Your reply should repeat all records verbatim and contain no images.

_ _ _ _ _ _ _

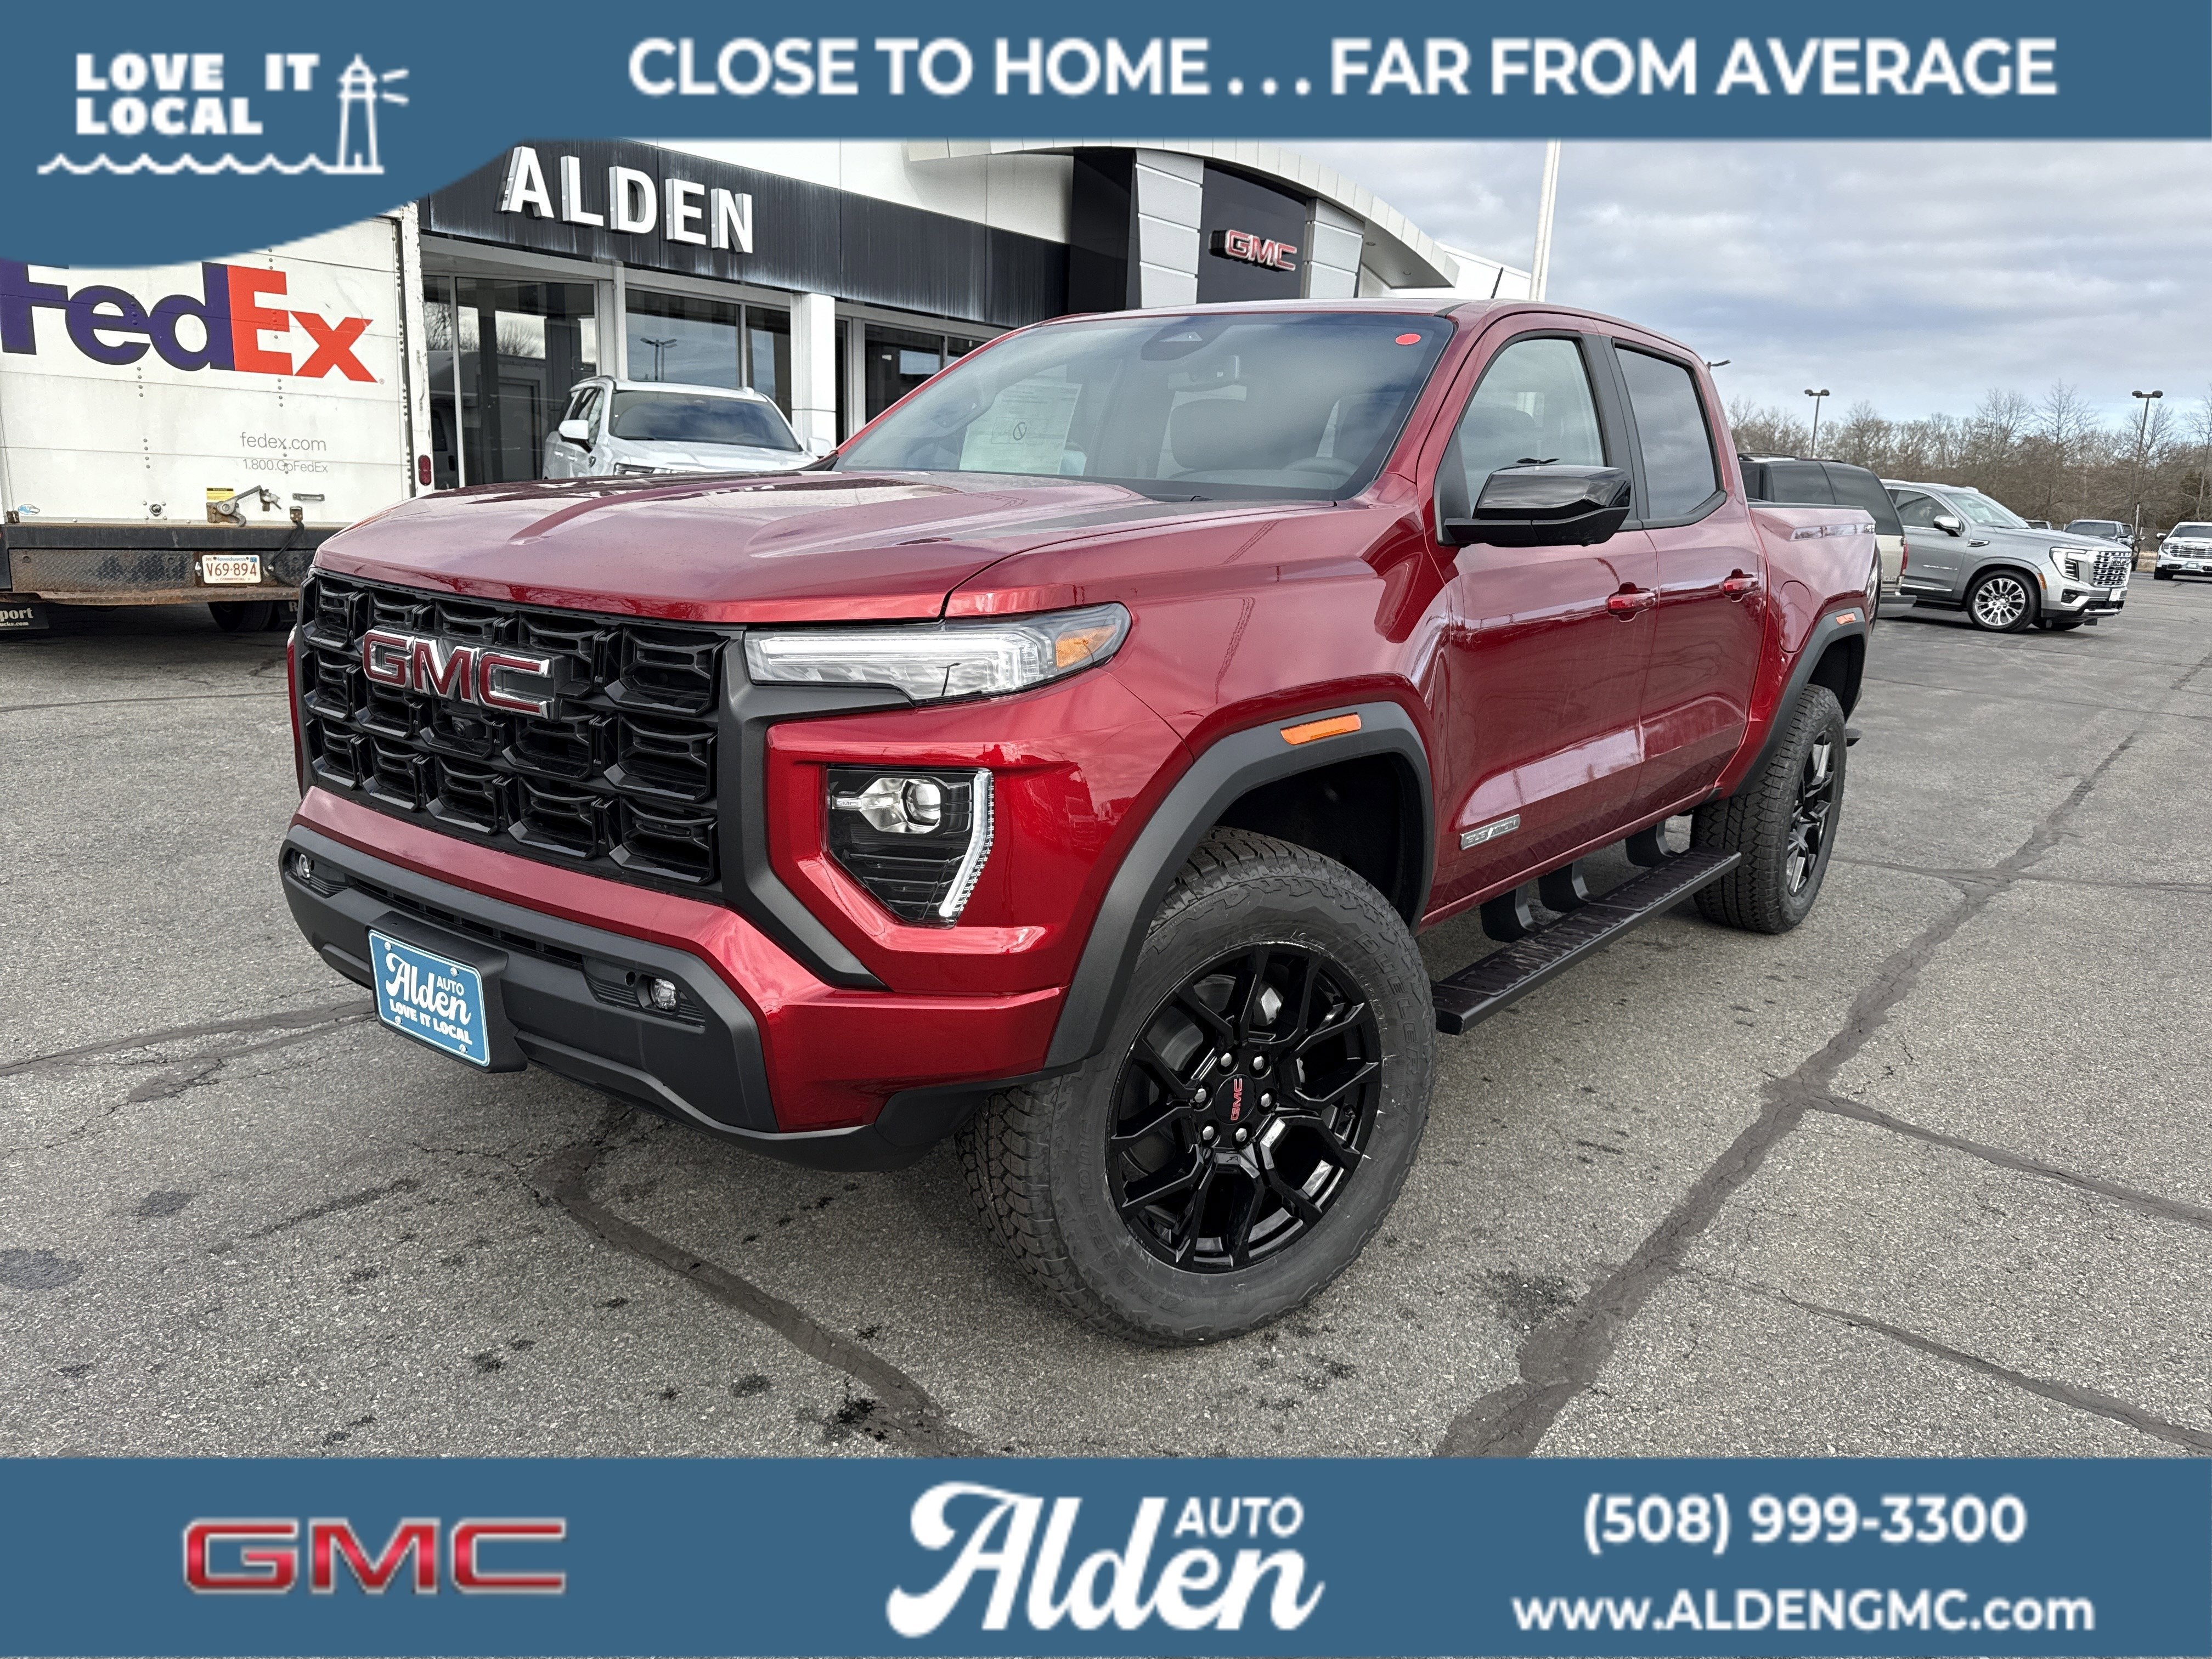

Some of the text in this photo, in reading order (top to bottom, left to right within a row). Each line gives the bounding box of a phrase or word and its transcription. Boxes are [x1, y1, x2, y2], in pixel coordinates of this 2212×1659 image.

[500, 145, 753, 253] ALDEN
[1224, 229, 1298, 272] GMC
[0, 258, 379, 383] FedEx
[240, 431, 327, 452] fedex.com
[242, 459, 329, 473] 1.800.GoFedEx
[362, 629, 549, 719] GMC
[385, 952, 471, 1025] Alden AUTO
[1353, 932, 1420, 1075] DUELER
[389, 998, 473, 1045] LOVE IT LOCAL
[1231, 1078, 1243, 1121] GMC
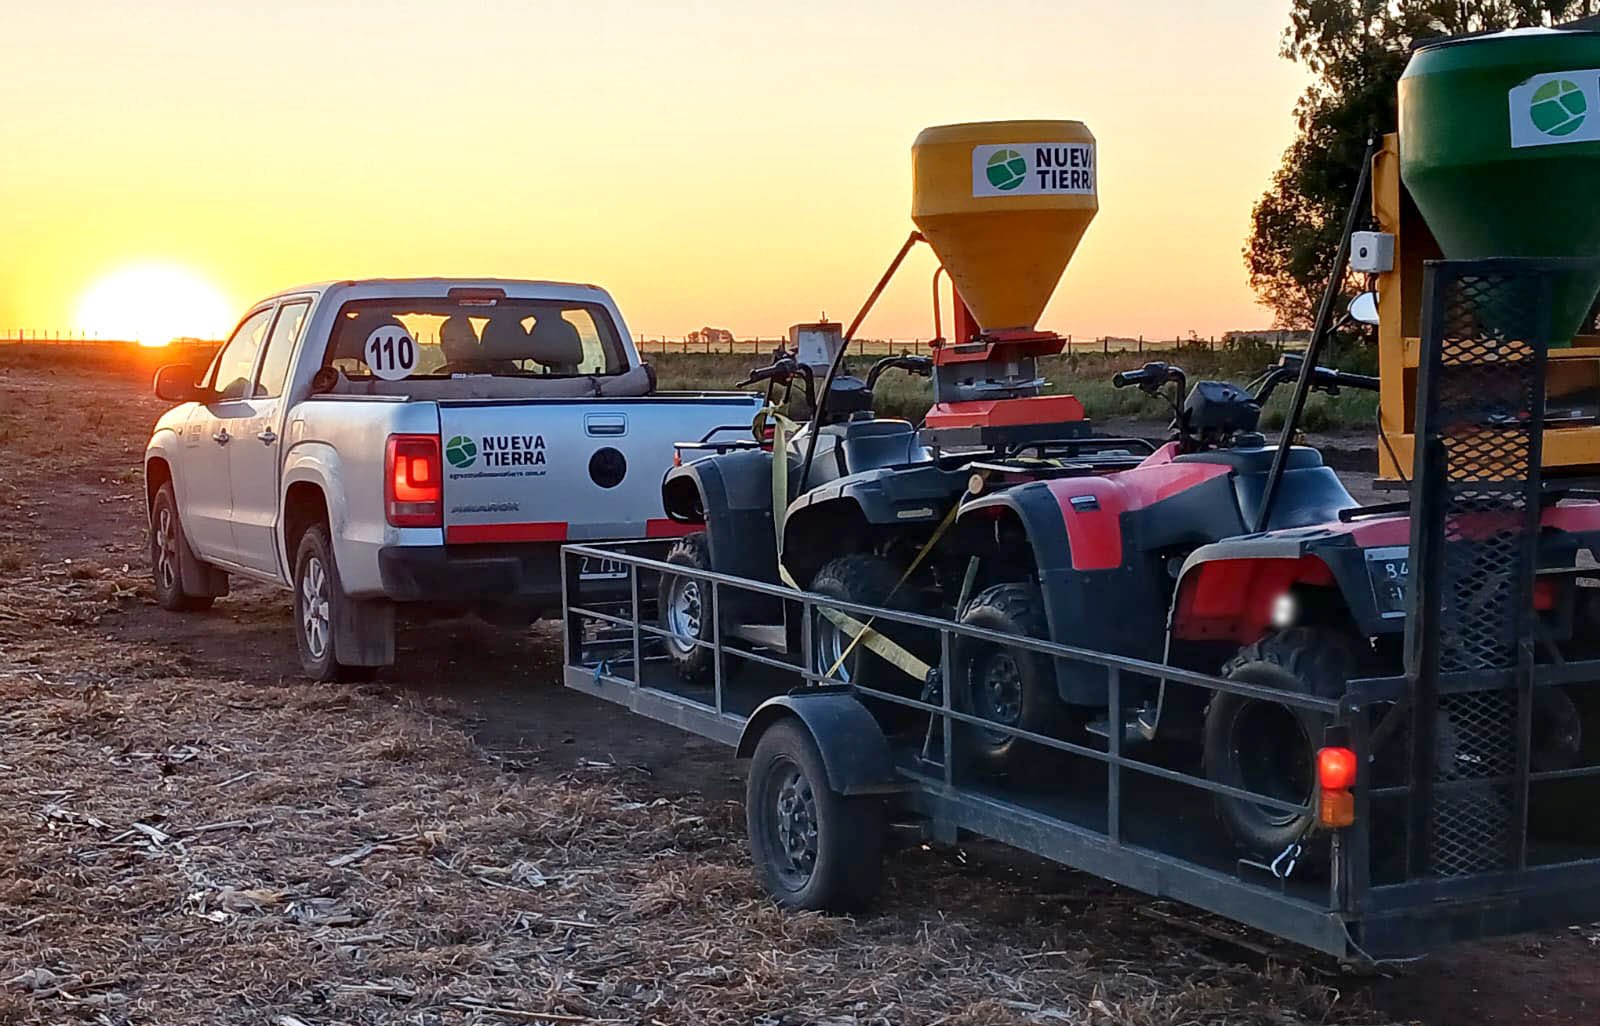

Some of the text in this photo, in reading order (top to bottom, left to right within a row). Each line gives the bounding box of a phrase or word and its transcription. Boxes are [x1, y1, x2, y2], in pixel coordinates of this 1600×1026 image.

_ _ _ _ _ _ _

■ **REPLY TO THE EXERCISE**
Some of the text in this photo, in reading order (top to bottom, left to right within a row). Each line gives the bounding box of a phrase or word and its transcription. Boxes are [x1, y1, x2, y2], in pixel coordinates of this 2212×1659 image.

[500, 145, 753, 253] ALDEN
[1224, 229, 1298, 272] GMC
[0, 258, 379, 383] FedEx
[240, 431, 327, 452] fedex.com
[242, 459, 329, 473] 1.800.GoFedEx
[362, 629, 549, 719] GMC
[385, 952, 471, 1025] Alden AUTO
[1353, 932, 1420, 1075] DUELER
[389, 998, 473, 1045] LOVE IT LOCAL
[1231, 1078, 1243, 1121] GMC

Some of the text in this photo, in reading order (top to bottom, left to right within a row). Each line gives the bounding box of a phrase or word and its transcription. Boxes are [x1, y1, x2, y2], in pixel coordinates of this 1600×1026 image.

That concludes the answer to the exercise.